Sometimes creating technical debt is the right decision. Sometimes it's "get over this budget hump using two devs instead of five or we go out of business". And then you do get over it and all of a sudden the company is hugely successful and it's a good problem but you're working really long hours just trying to keep up with helping all that cash flow in... the real world rarely makes conditions so perfect you can write perfect code.

I strongly dislike it when I make the decision to create tech debt, but I will at least leave comments or documentation for the next guy on the parts I think could use more love.

And it's rare I do create it. I actually spend a large part of my time refactoring code and making it better and reducing technical debt. It's one of my favorite things to do. And that points right back to my original post. You know what's interesting about the code I refactor? It's working code. It solves the problem. I wouldn't want to build something bigger on it without refactoring. But I also wouldn't curse out the guy who wrote it. He solved the problem at the time within the budget and time constraints and other competing requirements he was juggling. Good for him.

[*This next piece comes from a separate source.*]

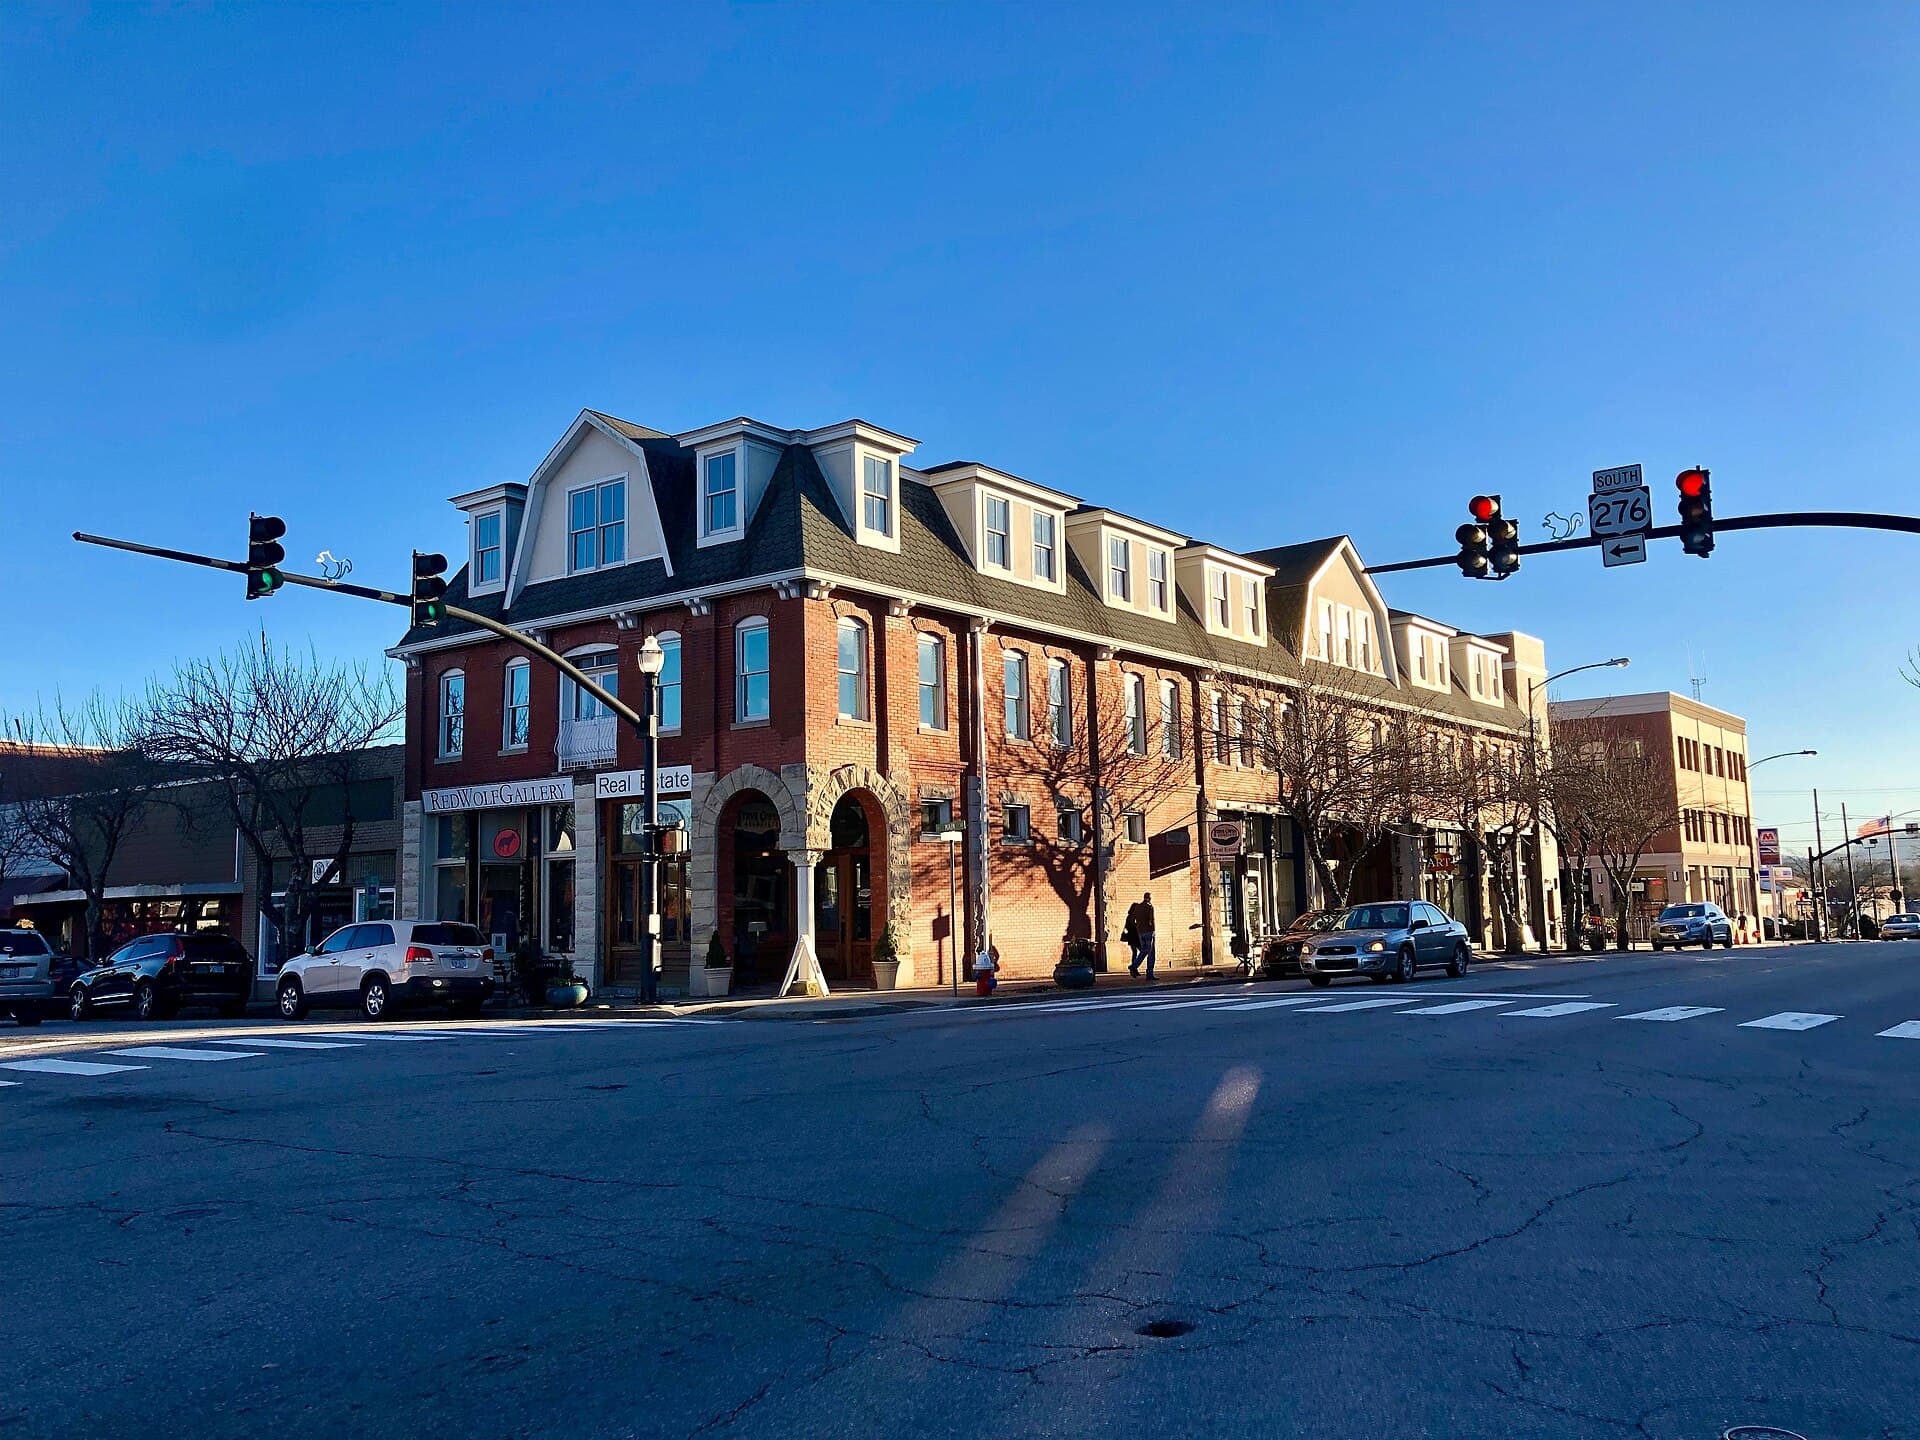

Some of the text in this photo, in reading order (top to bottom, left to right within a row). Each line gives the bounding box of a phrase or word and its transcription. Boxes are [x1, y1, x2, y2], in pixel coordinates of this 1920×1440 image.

[1597, 470, 1638, 488] SOUTH
[1594, 497, 1647, 528] 276
[599, 771, 690, 794] Real tate
[1428, 857, 1451, 867] ART

> Sometimes it's "get over this budget hump using two devs instead of five or we go out of business". And then you do get over it and all of a sudden the company is hugely successful...

Seems you are judging from the SV / startup / USA bubble. Most of the world works in VERY different conditions than that.

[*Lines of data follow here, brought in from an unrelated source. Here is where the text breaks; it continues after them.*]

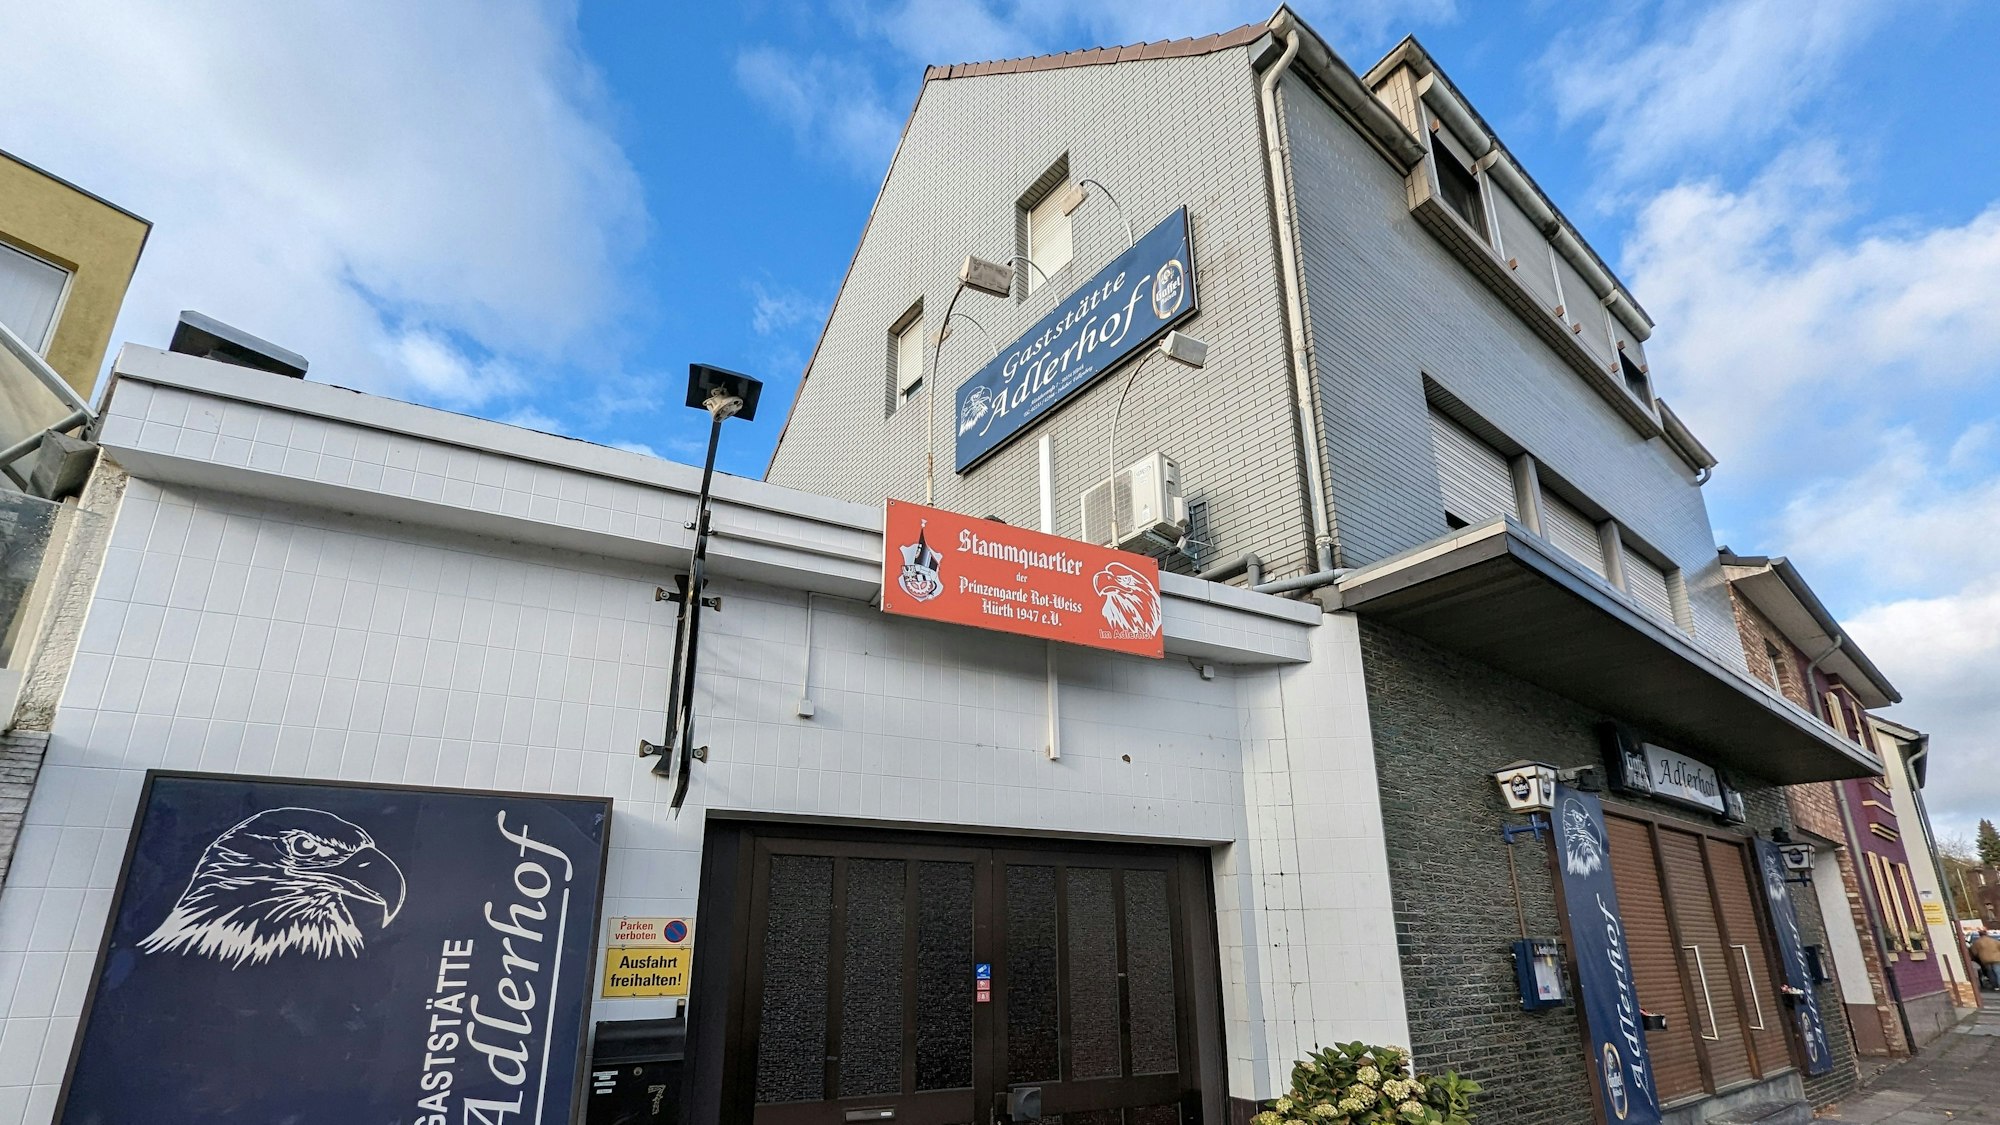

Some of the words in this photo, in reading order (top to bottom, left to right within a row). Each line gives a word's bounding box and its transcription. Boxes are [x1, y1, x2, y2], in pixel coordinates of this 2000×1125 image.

[1156, 276, 1181, 302] Gaffel
[1003, 271, 1126, 384] Gaststätte
[979, 274, 1150, 437] Adlerhof
[956, 528, 1083, 576] Stammquartier
[1015, 571, 1028, 583] der
[958, 575, 1028, 602] Prinzengarde
[1030, 589, 1082, 613] Rot-Weiss
[981, 598, 1014, 618] Hürth
[1016, 607, 1039, 623] 1947
[1658, 759, 1715, 797] Adlerhof
[615, 931, 656, 940] verboten
[620, 921, 653, 930] Parken
[619, 955, 678, 969] Ausfahrt
[610, 972, 682, 987] freihalten!
[1596, 893, 1653, 1105] Adlerhof
[647, 1084, 667, 1115] 7

I mean yeah, bosses whipping their devs for maximum throughput happens everywhere but the combination of factors you describe seems to be specific for USA.


I've worked in Europe, Asia, the USA, for quite a few startups, huge corps, and have started a couple of successful companies here and there myself. I have a long and varied career that I am very grateful for.

A lot of startups are actually obsessed with quality to the point of failing. I've seen that. I've also seen the opposite. There is a lot of variation in the myths founders create that they follow like a religion because they believe it's the one trick they need for success ;-)

You do eventually run out of money. It's so much more important to ship something to customers to get some feedback than it is to get it perfect. It's a very tricky balance to get right though. It has to look and work good enough to not scare potential customers away.


> It's so much more important to ship something to customers to get some feedback than it is to get it perfect.

I don't disagree, that's unequivocally true.

As a programmer myself however I know that "I'll get back to it later and fix it" is usually a lie...

Haven't founded a business yet and I think I'll do that eventually but it also seems that "do your market research first and foremost" is an universal rule.

EDIT: As an European I should add that most of us never start a business unless they already have several customers willing to pay lined up in an orderly queue. I feel that too many Americans (probably not only them) start a business based on pure enthusiasm and hand-waving that motivated them during a few business events where people vaguely expressed an interest in their idea.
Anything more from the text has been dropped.